(Recorded data)
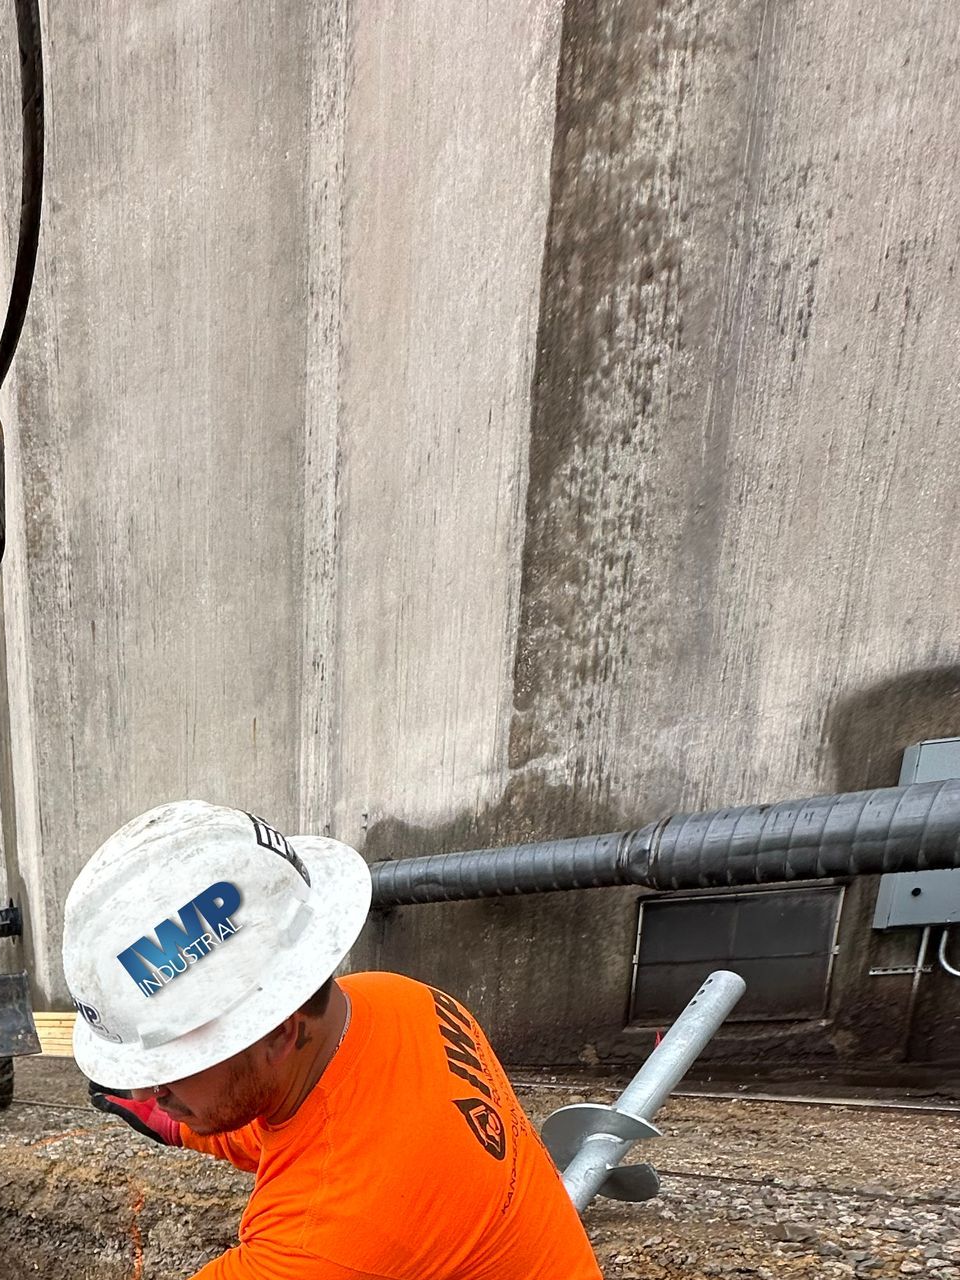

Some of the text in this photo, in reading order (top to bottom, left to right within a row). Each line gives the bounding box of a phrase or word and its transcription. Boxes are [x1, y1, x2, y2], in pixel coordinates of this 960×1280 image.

[116, 881, 242, 998] IWP
[138, 917, 244, 998] INDUSTRIAL
[427, 986, 493, 1100] IWP
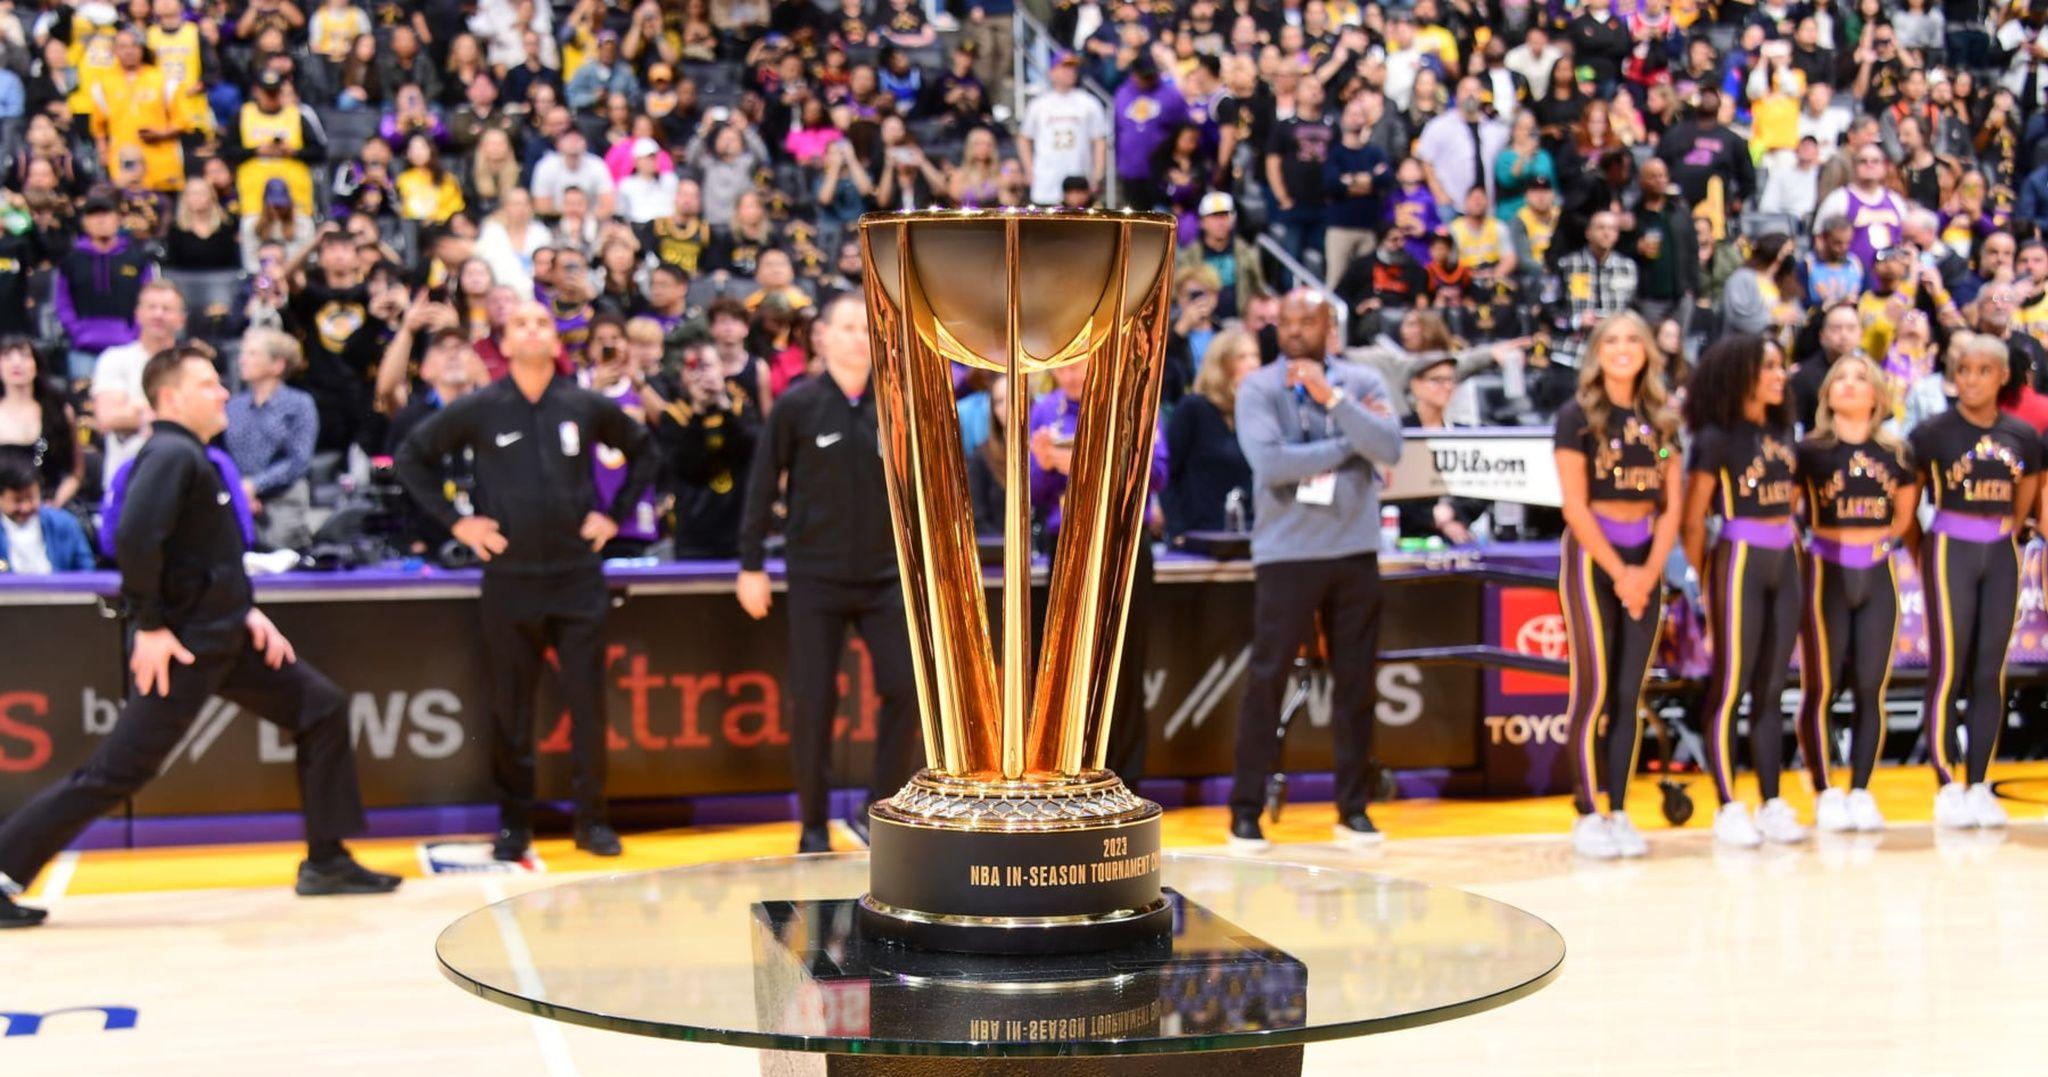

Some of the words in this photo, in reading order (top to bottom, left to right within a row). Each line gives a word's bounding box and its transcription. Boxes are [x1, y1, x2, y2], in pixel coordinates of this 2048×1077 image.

[1431, 449, 1526, 474] Wilson
[1484, 713, 1609, 745] TOYO
[1103, 836, 1128, 857] 2023
[970, 865, 1000, 887] NBA
[1006, 864, 1086, 887] IN-SEASON
[1090, 855, 1150, 883] TOURNAMENT

_Problem statement_. Output the data above exactly. Drop every picture.

_Response_.
Some of the text in this photo, in reading order (top to bottom, left to right within a row). Each line gives the bounding box of a phrase or word and its transcription. Boxes are [x1, y1, x2, y2], in pixel coordinates of this 960×1280 image.

[116, 881, 242, 998] IWP
[138, 917, 244, 998] INDUSTRIAL
[427, 986, 493, 1100] IWP

Some of the words in this photo, in reading order (top to bottom, left to right within a row). Each line gives a word's bounding box and its transcription. Boxes are [x1, y1, x2, y2], in pixel coordinates of this 2048×1077 image.

[1431, 449, 1526, 474] Wilson
[1484, 713, 1609, 745] TOYO
[1103, 836, 1128, 857] 2023
[970, 865, 1000, 887] NBA
[1006, 864, 1086, 887] IN-SEASON
[1090, 855, 1150, 883] TOURNAMENT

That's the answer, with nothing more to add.